Les annonces faites par le Premier ministre étaient donc attendues : elles ont été à la hauteur des attentes :

  • 1,5 milliard d’euros d’augmentation du budget de l’assurance maladie sur 3 ans, avec :
    • 300 millions d’euros dès 2020 ;
    • Des primes sur les métiers en tension, comme les médecins et paramédicaux (infirmiers, manipulateurs radio), de 30€ à 100€ par mois ;
    • Les hôpitaux disposeront également d’une enveloppe leur permettant de verser une prime annuelle pour récompenser l’engagement et l’investissement des soignants soit une moyenne de 300€ supplémentaires par an pour 600 000 soignants ;
    • 150 millions d’euros sur 3 ans consacrés à l’investissement courant pour améliorer le quotidien des personnels (achat de petits matériels, travaux de rénovation).
  • 10 milliards d’euros sur 3 ans pour un plan massif de reprise de dettes. L’investissement hospitalier a été divisé par 2 en 10 ans alors que la dette des hôpitaux a bondi de 40% dans le même temps. Reprendre 1/3 de la dette des hôpitaux, c’est diminuer le coût de leurs remboursements d’emprunts, c’est leur redonner des marges de manœuvre pour investir, se moderniser et accompagner ainsi la transformation du système inscrite dans la stratégie « Ma Santé 2022 ».

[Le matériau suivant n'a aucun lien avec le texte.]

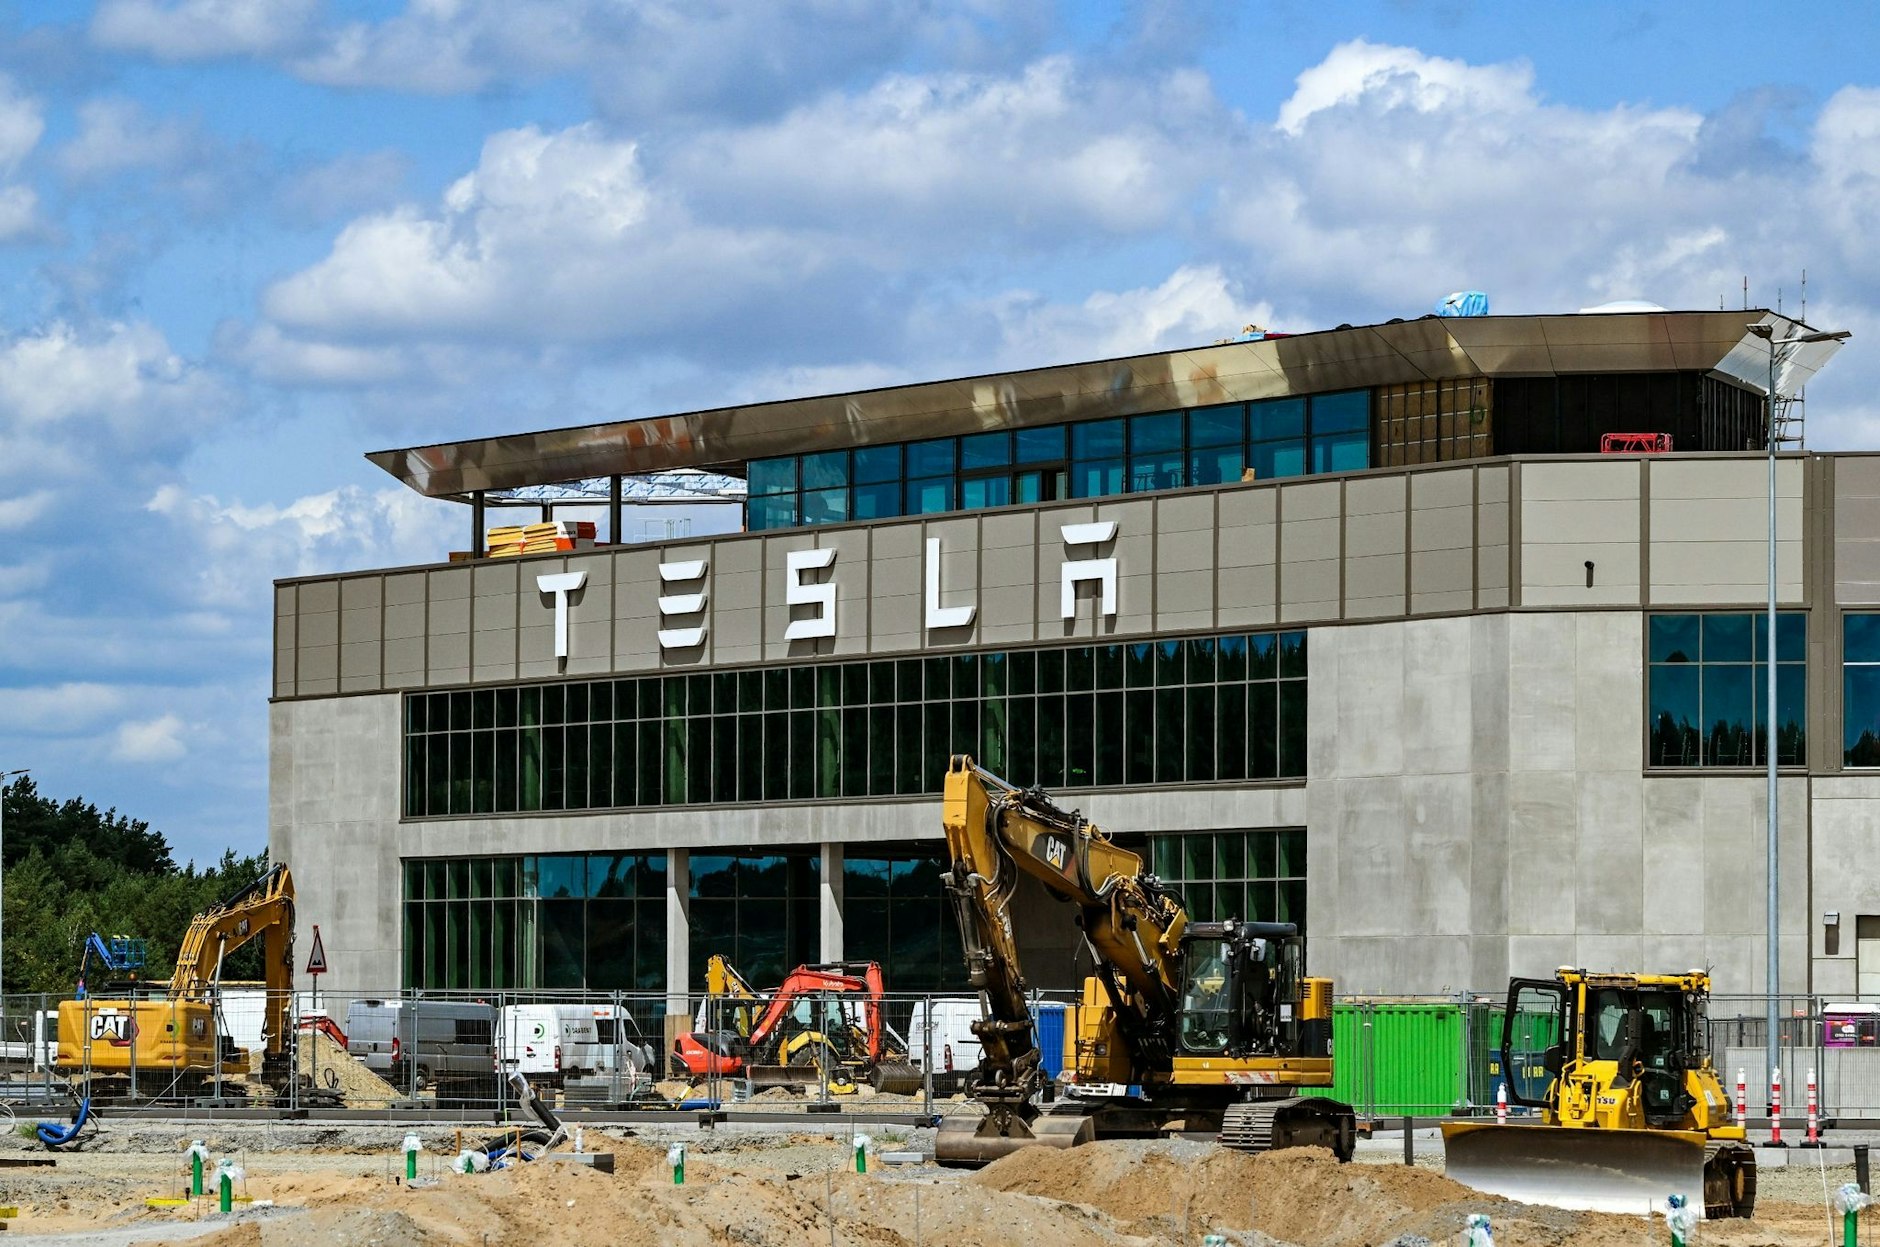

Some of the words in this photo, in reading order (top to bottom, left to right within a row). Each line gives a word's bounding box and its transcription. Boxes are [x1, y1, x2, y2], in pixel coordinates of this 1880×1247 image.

[536, 521, 1118, 657] TESLA
[1046, 835, 1067, 870] CAT
[91, 1015, 128, 1040] CAT

Notre majorité a pleinement conscience des efforts que tous les personnels médicaux et paramédicaux accomplissent au quotidien pour faire face à une situation héritée de 30 années d’indécision politique et d’incapacité à voir que le numerus clausus allait causer la désertification médicale des territoires et rendrait toute restructuration future de l’offre de soins extrêmement difficile. C’est contre ces difficultés et inerties que notre majorité et le Gouvernement se battent. Ne rêvons pas, nous ne pouvons pas faire de chèques en blanc : notre dette avoisine 100% du PIB. C’est pourquoi nous faisons des choix et définissons des priorités.

Avoir des hôpitaux capables de prodiguer un bon niveau de soins sur tout le territoire et rémunérer, à la hauteur de leurs engagements, les personnels qui œuvrent jour et nuit pour soigner nos proches : ce sont nos priorités.